**Records provided**
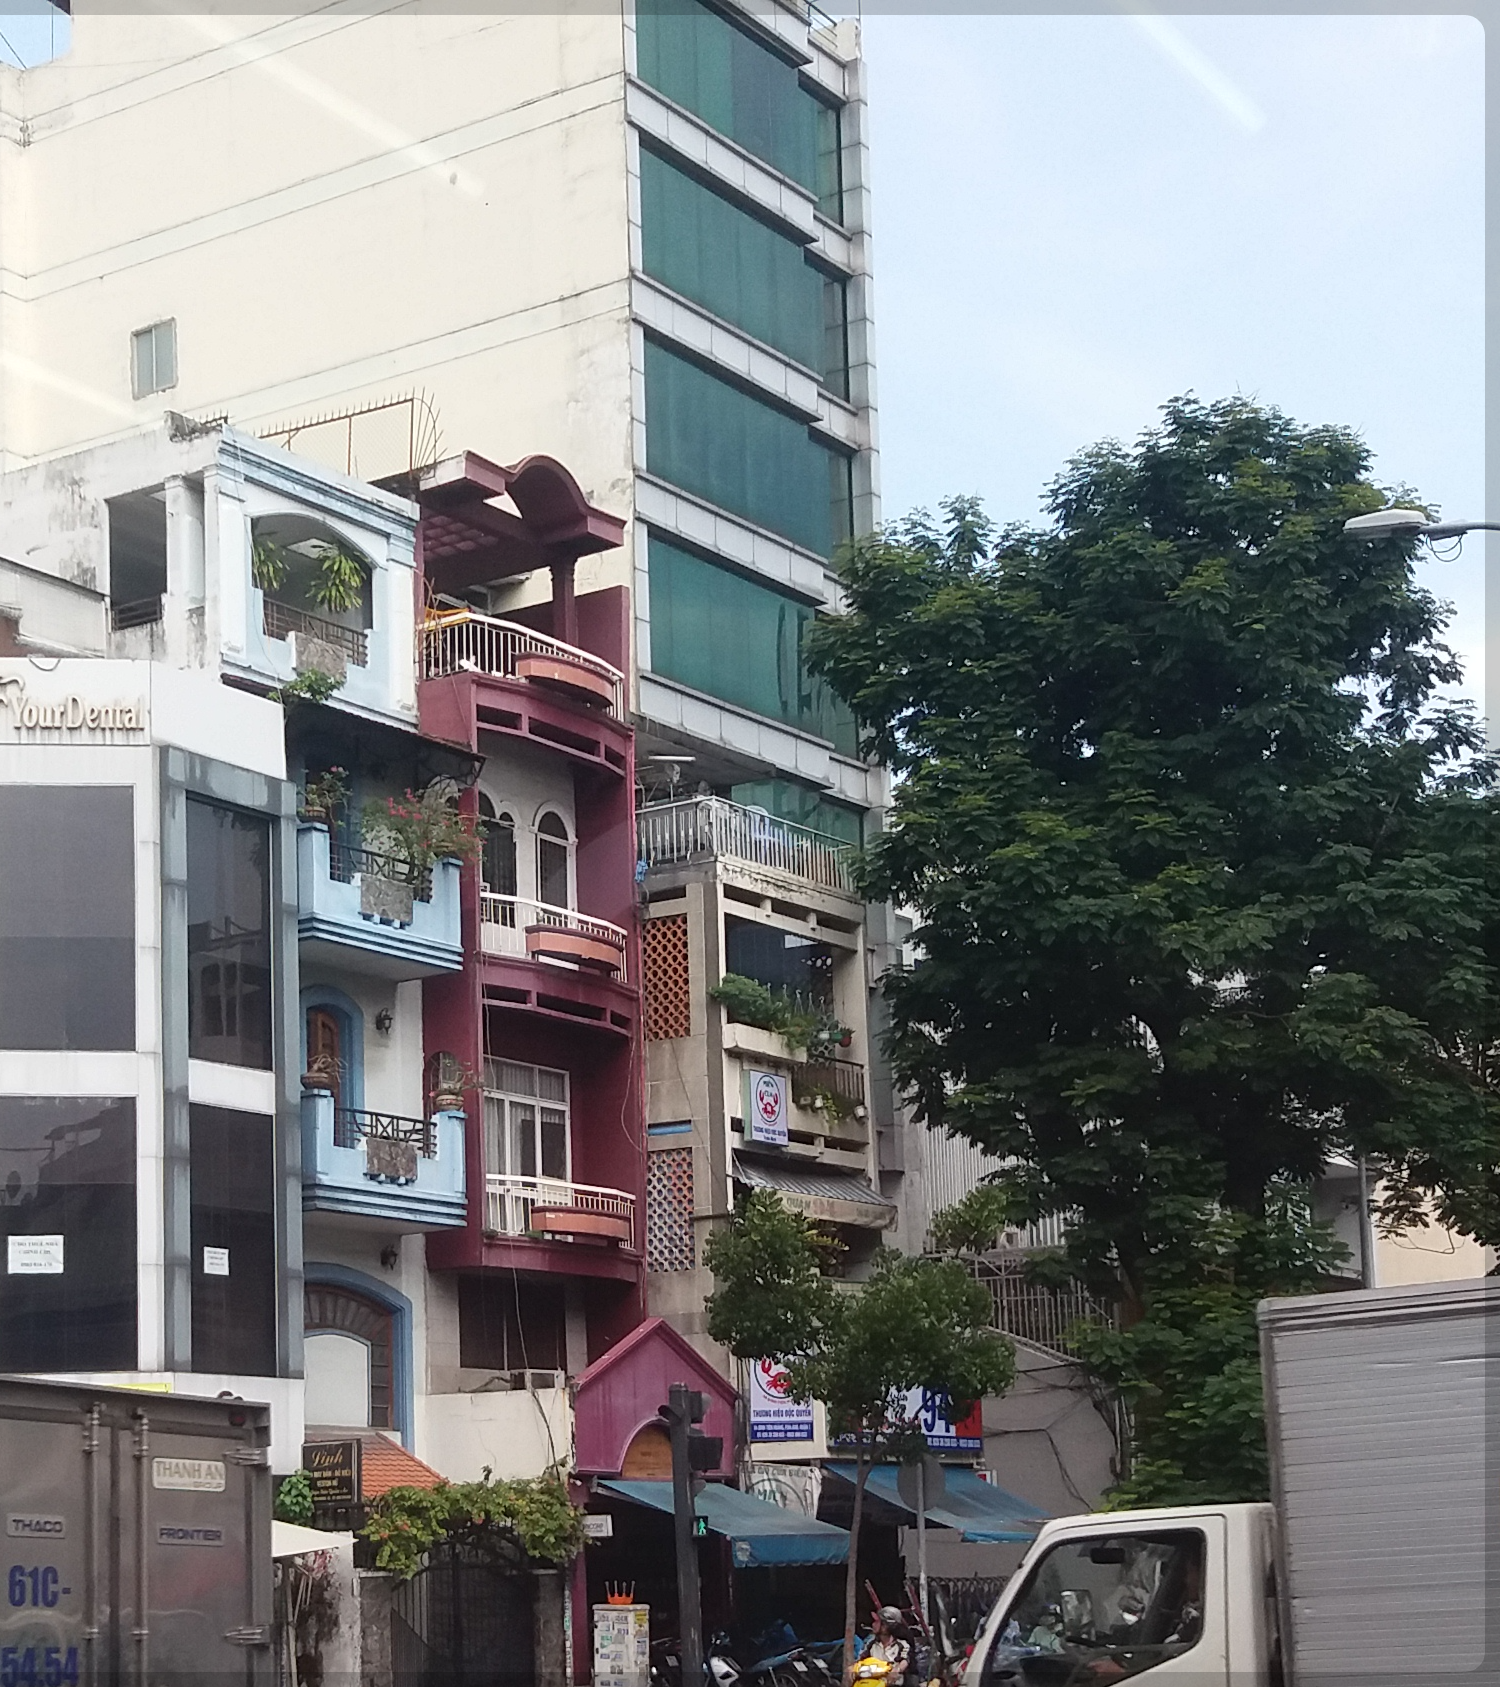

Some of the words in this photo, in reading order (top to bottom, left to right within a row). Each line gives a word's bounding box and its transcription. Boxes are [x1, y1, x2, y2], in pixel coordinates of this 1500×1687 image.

[155, 1461, 202, 1478] THANH
[12, 1518, 63, 1533] THACO
[160, 1527, 221, 1541] FRONTIER
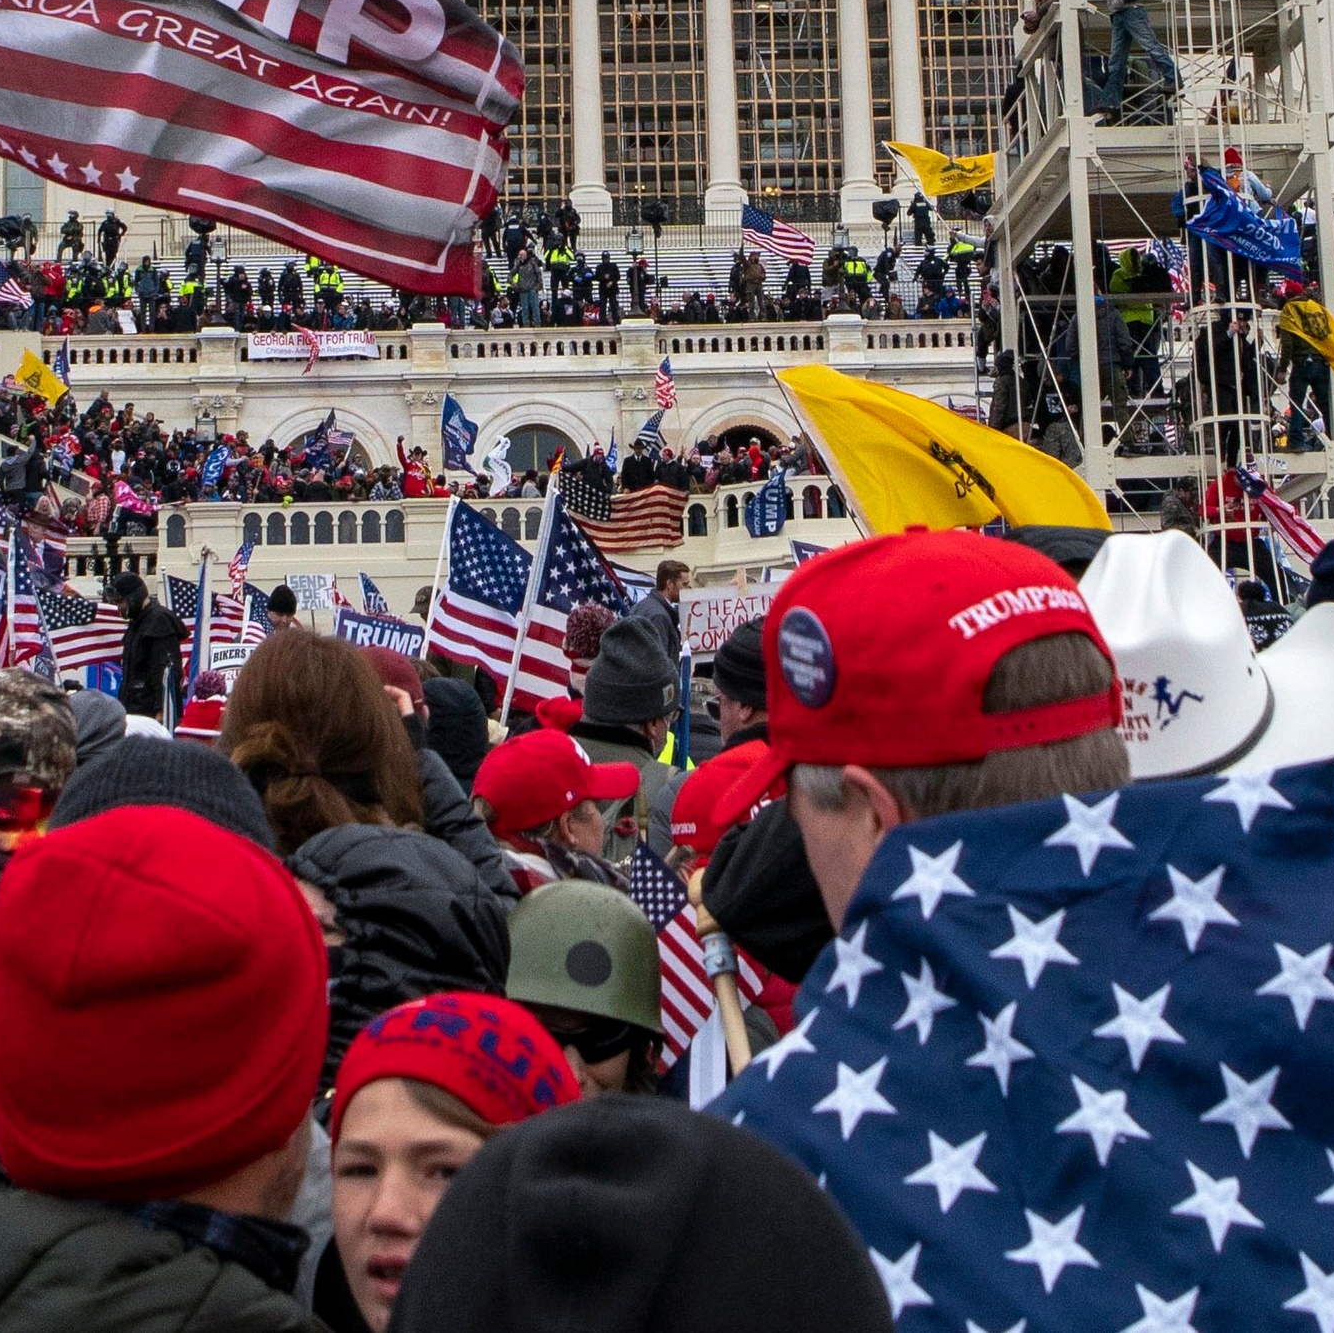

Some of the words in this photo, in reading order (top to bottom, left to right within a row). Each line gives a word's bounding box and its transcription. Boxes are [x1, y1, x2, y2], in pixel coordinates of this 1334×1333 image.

[117, 8, 280, 78] GREAT
[289, 72, 453, 128] AGAIN!
[253, 334, 295, 346] GEORGIA
[327, 334, 346, 345] FOR
[289, 575, 327, 589] SEND
[300, 599, 330, 610] JAIL
[343, 618, 424, 657] TRUMP
[213, 647, 247, 663] BIKERS

**What you will do**
The records above are to be restated word for word, excluding all pictures.

**Reply to the task**
Some of the words in this photo, in reading order (top to bottom, left to right within a row). Each line gives a word's bounding box and its transcription. Boxes are [x1, y1, x2, y2], in pixel coordinates of this 1500×1687 image.

[155, 1461, 202, 1478] THANH
[12, 1518, 63, 1533] THACO
[160, 1527, 221, 1541] FRONTIER

Some of the words in this photo, in reading order (top to bottom, left to right within a row). Each line gives a word's bounding box and its transcription. Boxes are [x1, y1, x2, y2], in pixel coordinates of this 1334×1333 image.

[117, 8, 280, 78] GREAT
[289, 72, 453, 128] AGAIN!
[253, 334, 295, 346] GEORGIA
[327, 334, 346, 345] FOR
[289, 575, 327, 589] SEND
[300, 599, 330, 610] JAIL
[343, 618, 424, 657] TRUMP
[213, 647, 247, 663] BIKERS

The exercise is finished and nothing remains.